**Action item:** All of the data goes into your copy exactly as written. Images do not.

[[ Material provided open ]]

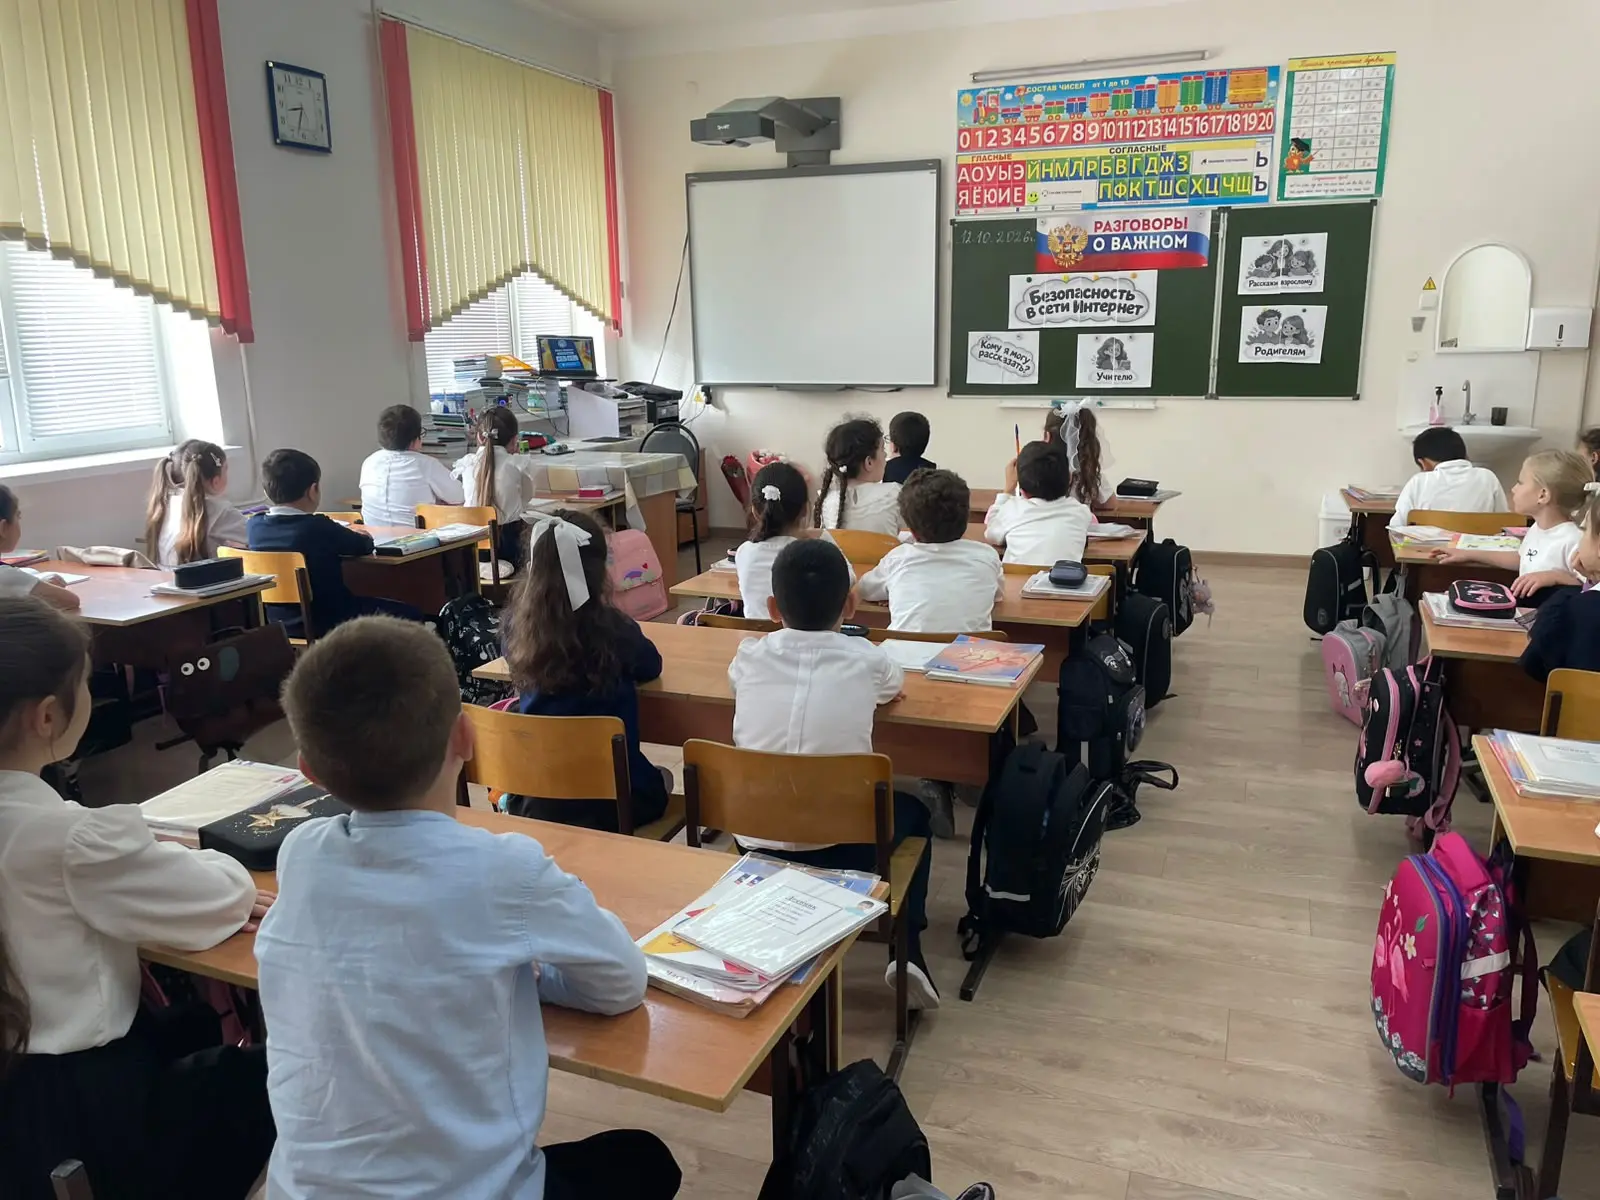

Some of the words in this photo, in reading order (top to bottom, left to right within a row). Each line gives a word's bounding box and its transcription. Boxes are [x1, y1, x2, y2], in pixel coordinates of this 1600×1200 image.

[1027, 84, 1057, 92] СОСТАВ
[1059, 82, 1085, 90] ЧИСЕЛ
[960, 132, 970, 148] 0
[976, 130, 982, 148] 1
[986, 129, 998, 147] 2
[1000, 128, 1012, 146] 3
[1014, 127, 1026, 145] 4
[1030, 126, 1040, 144] 5
[1043, 126, 1056, 143] 6
[1058, 124, 1070, 142] 7
[1072, 124, 1084, 142] 8
[1088, 122, 1100, 141] 9
[1102, 122, 1116, 140] 10
[1118, 121, 1130, 138] 11
[1132, 120, 1146, 138] 12
[1148, 119, 1161, 137] 13
[1162, 118, 1176, 136] 14
[1178, 116, 1192, 135] 15
[1194, 116, 1208, 134] 16
[1210, 115, 1225, 133] 17
[1226, 114, 1240, 132] 18
[1242, 112, 1257, 131] 19
[1258, 112, 1274, 130] 20
[1109, 144, 1167, 154] СОГЛАСНЫЕ
[972, 154, 1012, 162] ГЛАСНЫЕ
[1094, 217, 1188, 233] РАЗГОВОРЫ
[1093, 238, 1105, 252] О
[1111, 234, 1188, 250] ВАЖНОМ
[1028, 288, 1136, 306] Безопасность
[1038, 302, 1070, 315] сети
[1073, 300, 1144, 316] Интернет
[980, 340, 1002, 352] Кому
[1010, 350, 1031, 364] могу
[978, 350, 1031, 374] рассказать?

[[ Material provided closed ]]

**Problem solution:**
Some of the words in this photo, in reading order (top to bottom, left to right within a row). Each line gives a word's bounding box and its transcription. Boxes are [x1, y1, x2, y2], in pixel coordinates of this 1600×1200 image.

[1027, 84, 1057, 92] СОСТАВ
[1059, 82, 1085, 90] ЧИСЕЛ
[960, 132, 970, 148] 0
[976, 130, 982, 148] 1
[986, 129, 998, 147] 2
[1000, 128, 1012, 146] 3
[1014, 127, 1026, 145] 4
[1030, 126, 1040, 144] 5
[1043, 126, 1056, 143] 6
[1058, 124, 1070, 142] 7
[1072, 124, 1084, 142] 8
[1088, 122, 1100, 141] 9
[1102, 122, 1116, 140] 10
[1118, 121, 1130, 138] 11
[1132, 120, 1146, 138] 12
[1148, 119, 1161, 137] 13
[1162, 118, 1176, 136] 14
[1178, 116, 1192, 135] 15
[1194, 116, 1208, 134] 16
[1210, 115, 1225, 133] 17
[1226, 114, 1240, 132] 18
[1242, 112, 1257, 131] 19
[1258, 112, 1274, 130] 20
[1109, 144, 1167, 154] СОГЛАСНЫЕ
[972, 154, 1012, 162] ГЛАСНЫЕ
[1094, 217, 1188, 233] РАЗГОВОРЫ
[1093, 238, 1105, 252] О
[1111, 234, 1188, 250] ВАЖНОМ
[1028, 288, 1136, 306] Безопасность
[1038, 302, 1070, 315] сети
[1073, 300, 1144, 316] Интернет
[980, 340, 1002, 352] Кому
[1010, 350, 1031, 364] могу
[978, 350, 1031, 374] рассказать?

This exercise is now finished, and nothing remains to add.